WHAT YOU WILL DO →
Pictures do not belong in the copy. Return all of the entries exactly.

---------- RECORDS TO PROCESS

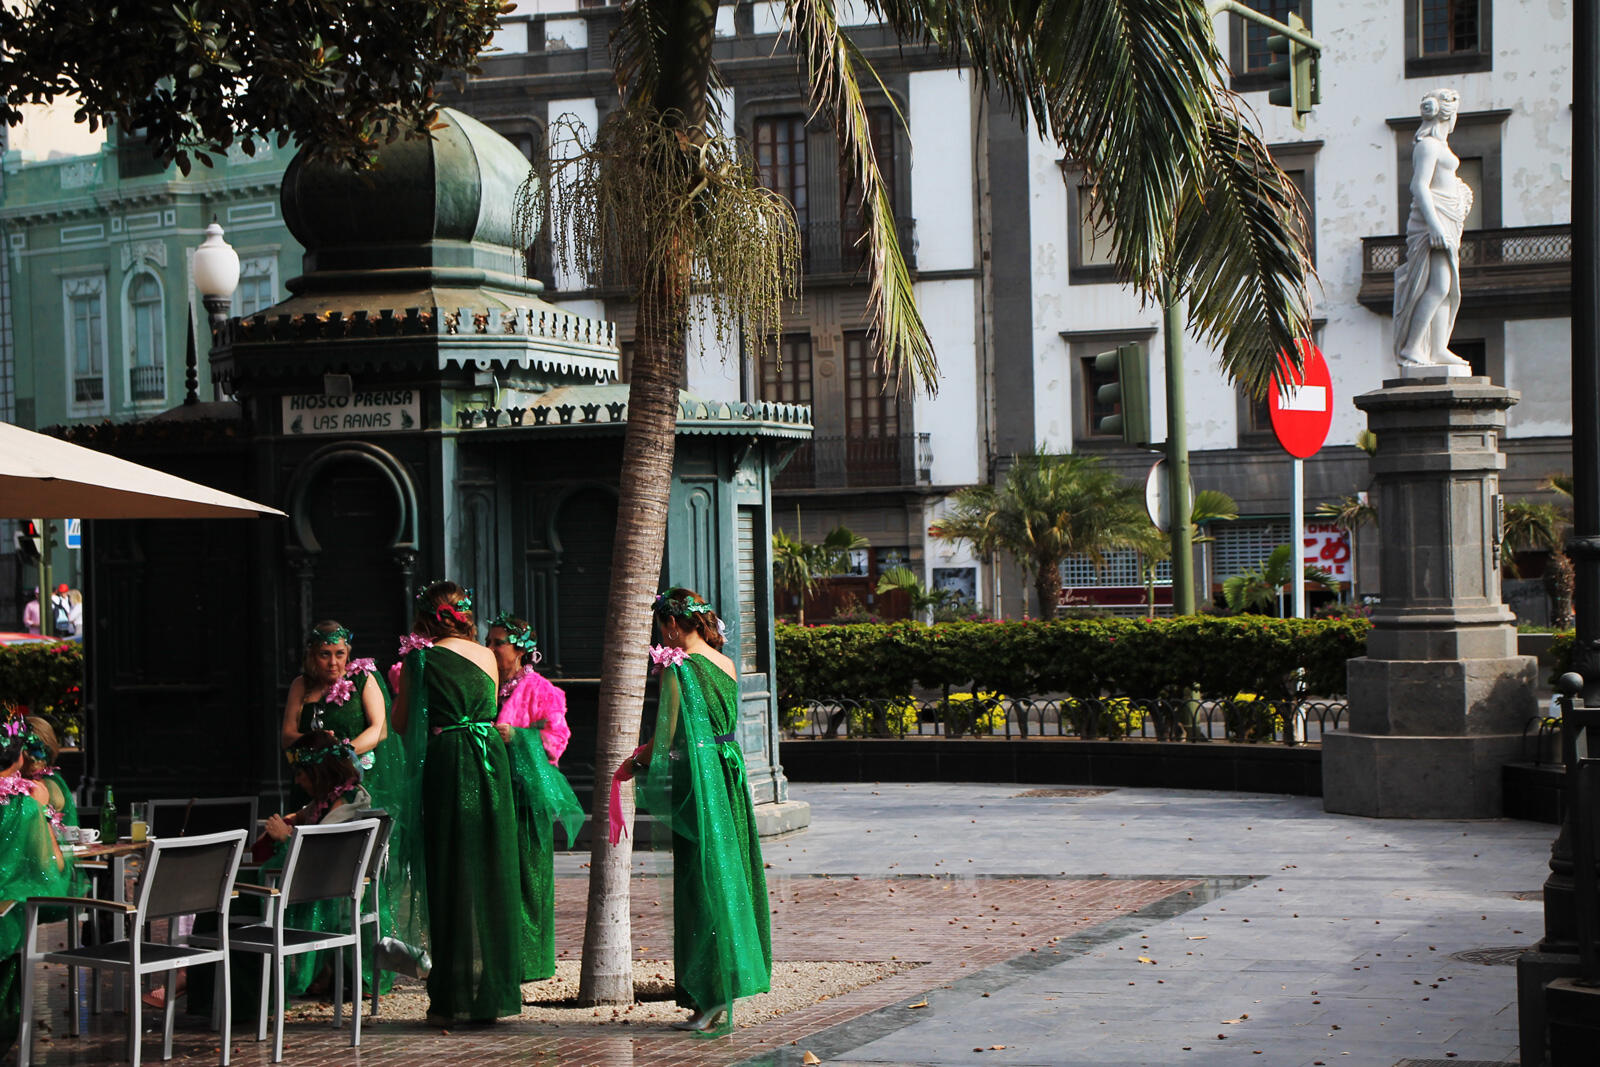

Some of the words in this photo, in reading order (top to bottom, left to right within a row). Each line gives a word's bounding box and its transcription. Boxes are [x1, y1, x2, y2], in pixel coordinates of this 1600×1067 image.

[290, 394, 349, 410] KIOSCO
[354, 391, 413, 407] PRENSA
[313, 415, 338, 430] LAS
[343, 412, 392, 429] RANAS
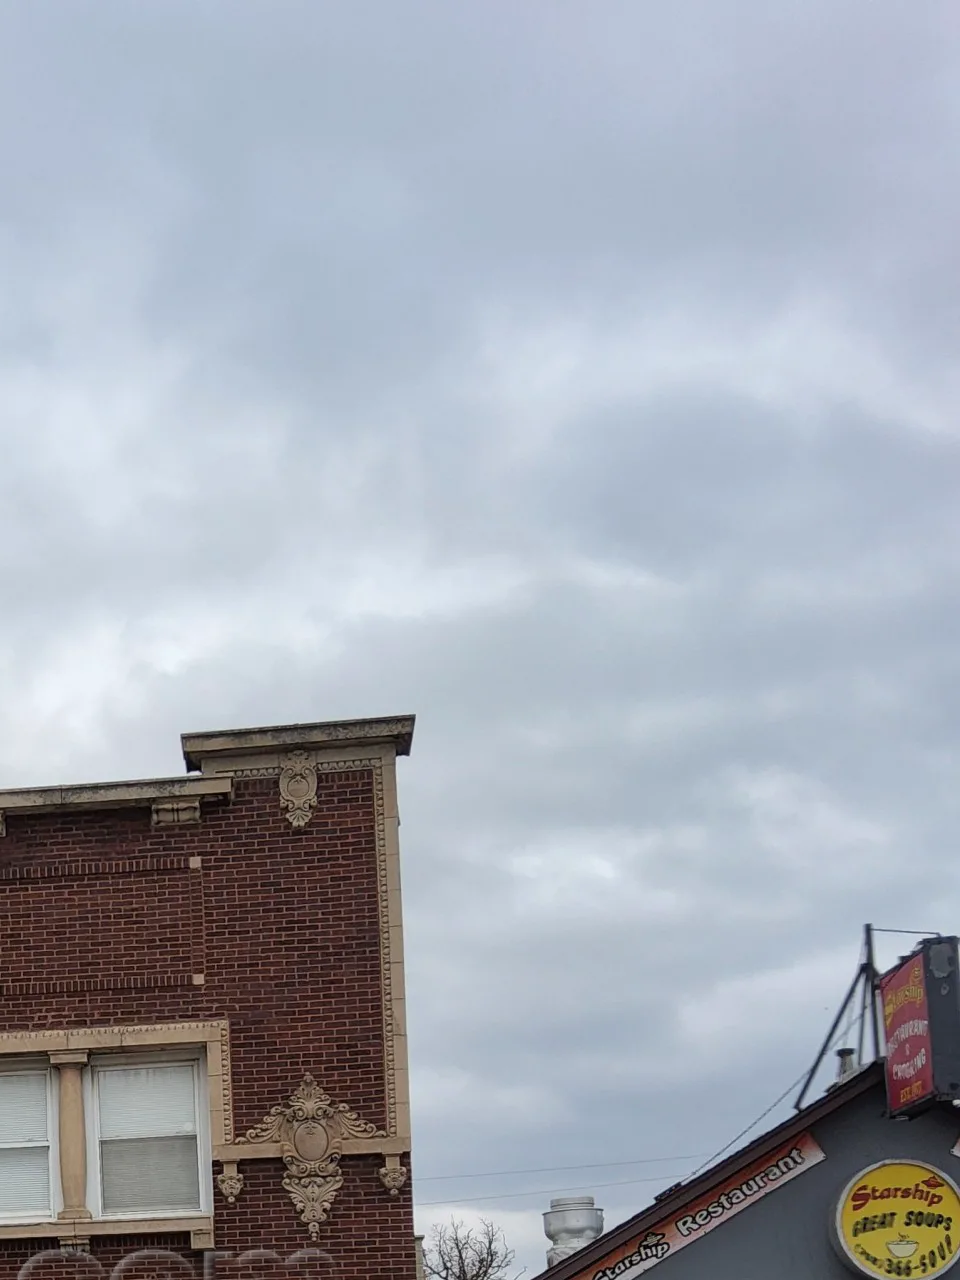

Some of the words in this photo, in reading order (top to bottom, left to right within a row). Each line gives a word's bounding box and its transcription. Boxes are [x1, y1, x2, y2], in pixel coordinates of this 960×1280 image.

[675, 1148, 806, 1237] Restaurant
[851, 1183, 943, 1211] Starship
[904, 1211, 952, 1231] SOUPS
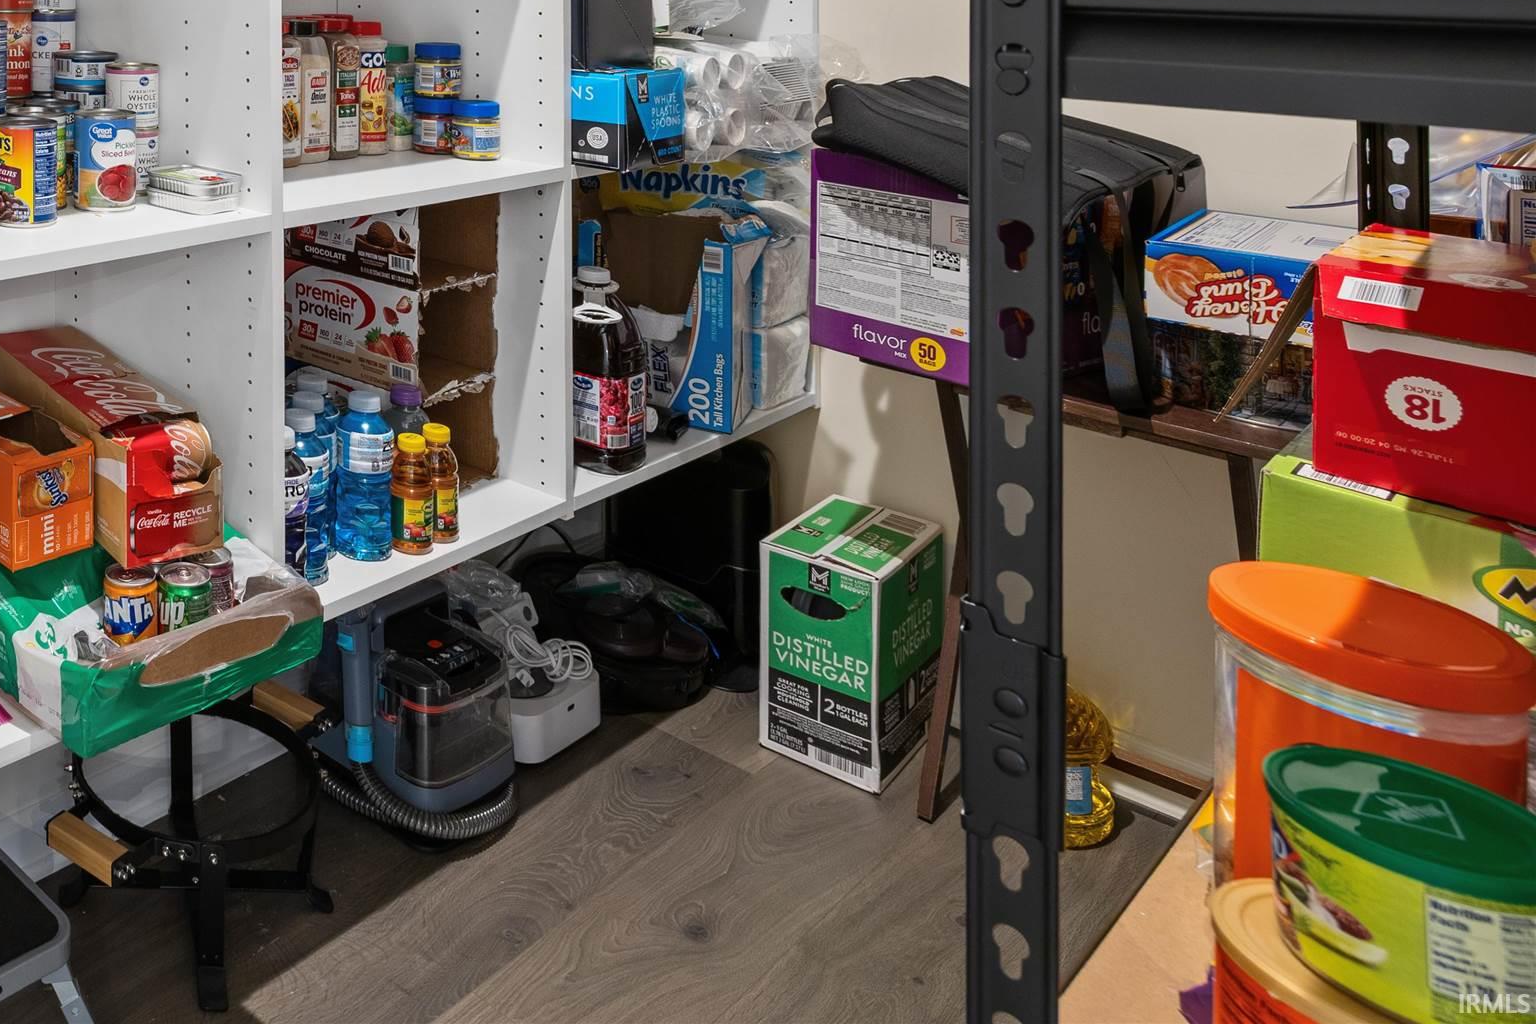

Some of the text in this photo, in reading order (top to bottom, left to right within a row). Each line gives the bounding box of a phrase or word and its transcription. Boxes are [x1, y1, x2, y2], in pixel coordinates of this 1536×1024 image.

[128, 93, 156, 103] WHOLE
[654, 95, 677, 104] WHITE
[651, 104, 679, 117] PLASTIC
[651, 115, 681, 129] SPOONS
[92, 126, 114, 136] Great
[101, 149, 121, 158] Sliced
[621, 169, 747, 199] Napkins
[304, 245, 347, 262] CHOCOLATE
[295, 282, 357, 310] premier
[1200, 278, 1278, 301] Buns
[299, 299, 352, 325] protein
[852, 324, 907, 350] flavor
[894, 350, 907, 359] MIX
[918, 343, 937, 361] 50
[919, 358, 936, 367] BAGS
[714, 353, 725, 427] Tall Kitchen Bags
[1402, 384, 1443, 397] STACKS
[688, 377, 710, 425] 200
[1403, 394, 1446, 424] 18
[173, 504, 213, 520] RECYCLE
[137, 515, 170, 530] Coca-Cola
[173, 518, 188, 529] ME
[43, 513, 55, 555] mini
[892, 599, 933, 649] DISTILLED
[805, 633, 832, 648] WHITE
[893, 621, 932, 668] VINEGAR
[773, 631, 869, 676] DISTILLED
[776, 648, 867, 693] VINEGAR
[776, 682, 811, 698] COOKING
[776, 695, 810, 712] CLEANING
[823, 698, 868, 720] 2 BOTTLES
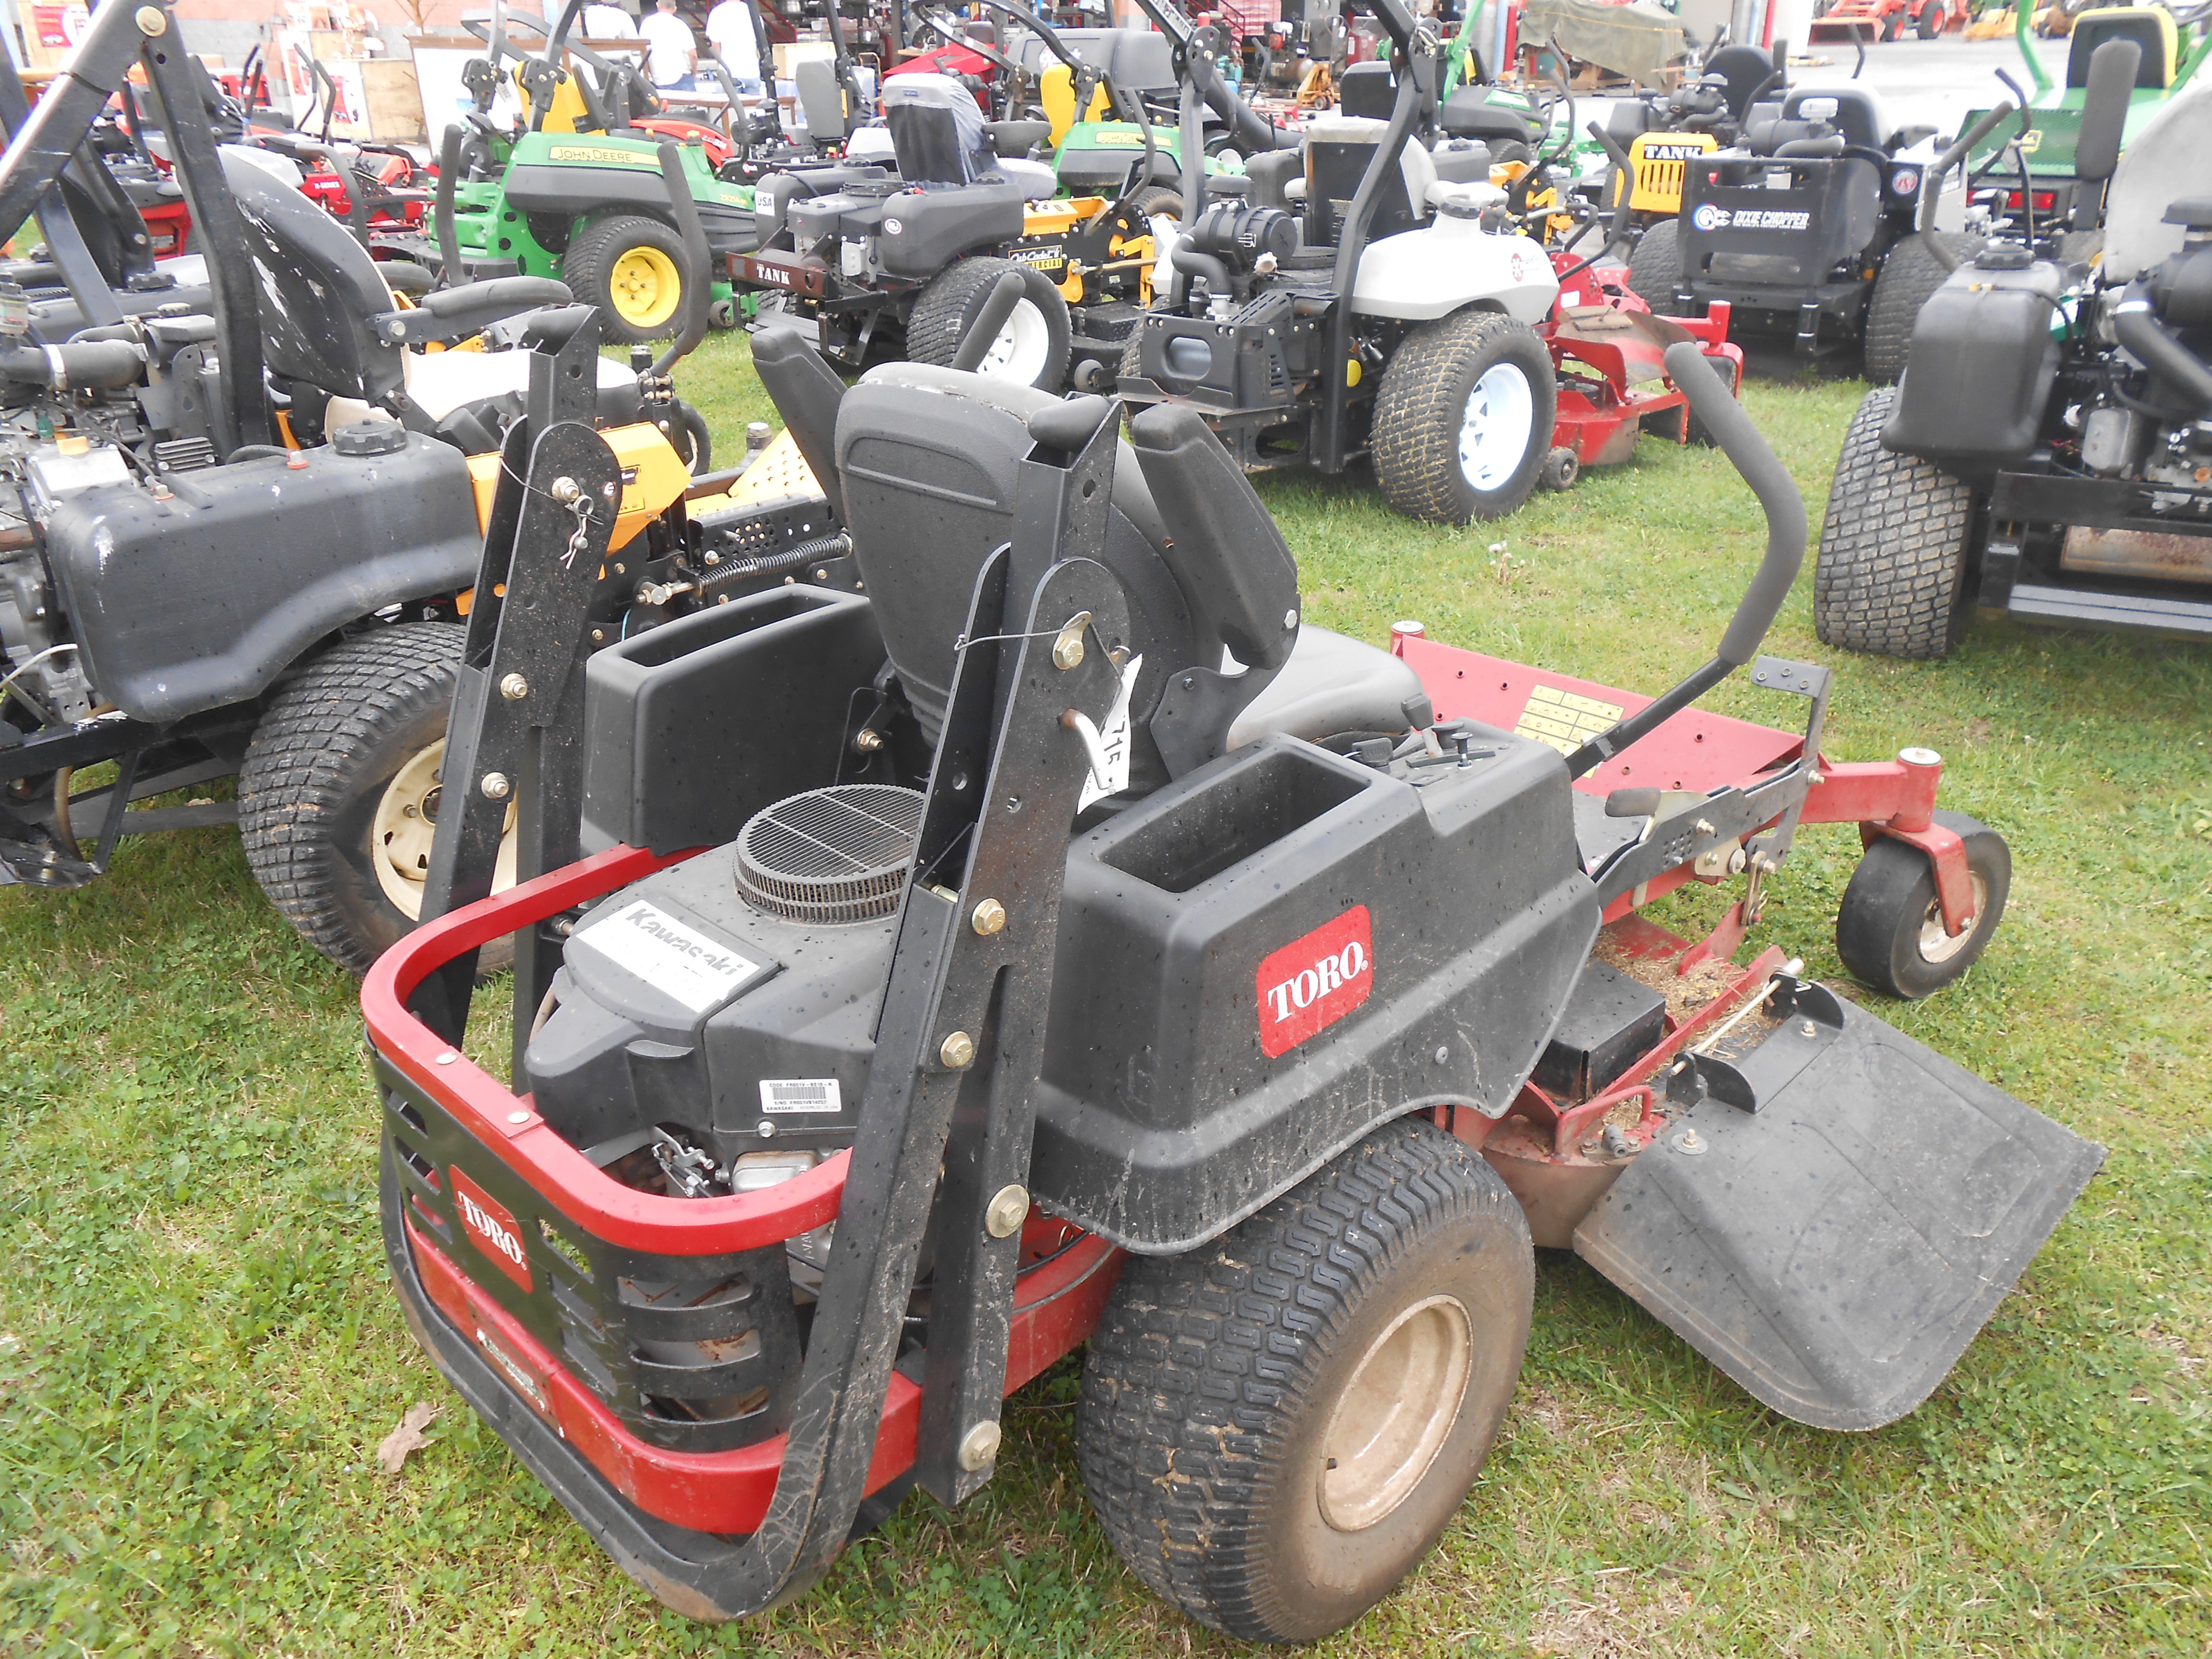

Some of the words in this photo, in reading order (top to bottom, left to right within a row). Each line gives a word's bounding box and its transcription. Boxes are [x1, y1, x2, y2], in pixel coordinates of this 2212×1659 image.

--------------------

ANSWER BOX →
Some of the words in this photo, in reading order (top to bottom, left to right within a row). Each line gives a word's bounding box and its transcription. Boxes are [x1, y1, x2, y2], in pixel coordinates of this 1600×1067 image.

[290, 394, 349, 410] KIOSCO
[354, 391, 413, 407] PRENSA
[313, 415, 338, 430] LAS
[343, 412, 392, 429] RANAS

Some of the words in this photo, in reading order (top to bottom, left to right within a row). Each line gives a word's bounding box and its transcription. Boxes are [x1, y1, x2, y2], in pixel coordinates of this 960×1280 image.

[675, 1148, 806, 1237] Restaurant
[851, 1183, 943, 1211] Starship
[904, 1211, 952, 1231] SOUPS

Some of the text in this photo, in reading order (top to bottom, left to right within a row). Each line gives the bounding box of a phrase or word and its transcription. Boxes are [x1, y1, x2, y2], in pixel coordinates of this 1536×1024 image.

[128, 93, 156, 103] WHOLE
[654, 95, 677, 104] WHITE
[651, 104, 679, 117] PLASTIC
[651, 115, 681, 129] SPOONS
[92, 126, 114, 136] Great
[101, 149, 121, 158] Sliced
[621, 169, 747, 199] Napkins
[304, 245, 347, 262] CHOCOLATE
[295, 282, 357, 310] premier
[1200, 278, 1278, 301] Buns
[299, 299, 352, 325] protein
[852, 324, 907, 350] flavor
[894, 350, 907, 359] MIX
[918, 343, 937, 361] 50
[919, 358, 936, 367] BAGS
[714, 353, 725, 427] Tall Kitchen Bags
[1402, 384, 1443, 397] STACKS
[688, 377, 710, 425] 200
[1403, 394, 1446, 424] 18
[173, 504, 213, 520] RECYCLE
[137, 515, 170, 530] Coca-Cola
[173, 518, 188, 529] ME
[43, 513, 55, 555] mini
[892, 599, 933, 649] DISTILLED
[805, 633, 832, 648] WHITE
[893, 621, 932, 668] VINEGAR
[773, 631, 869, 676] DISTILLED
[776, 648, 867, 693] VINEGAR
[776, 682, 811, 698] COOKING
[776, 695, 810, 712] CLEANING
[823, 698, 868, 720] 2 BOTTLES

Some of the words in this photo, in reading order (top to bottom, left to right within a row). Each line gives a word's bounding box and its transcription. Boxes are [x1, y1, x2, y2], in pixel coordinates of this 2212×1659 image.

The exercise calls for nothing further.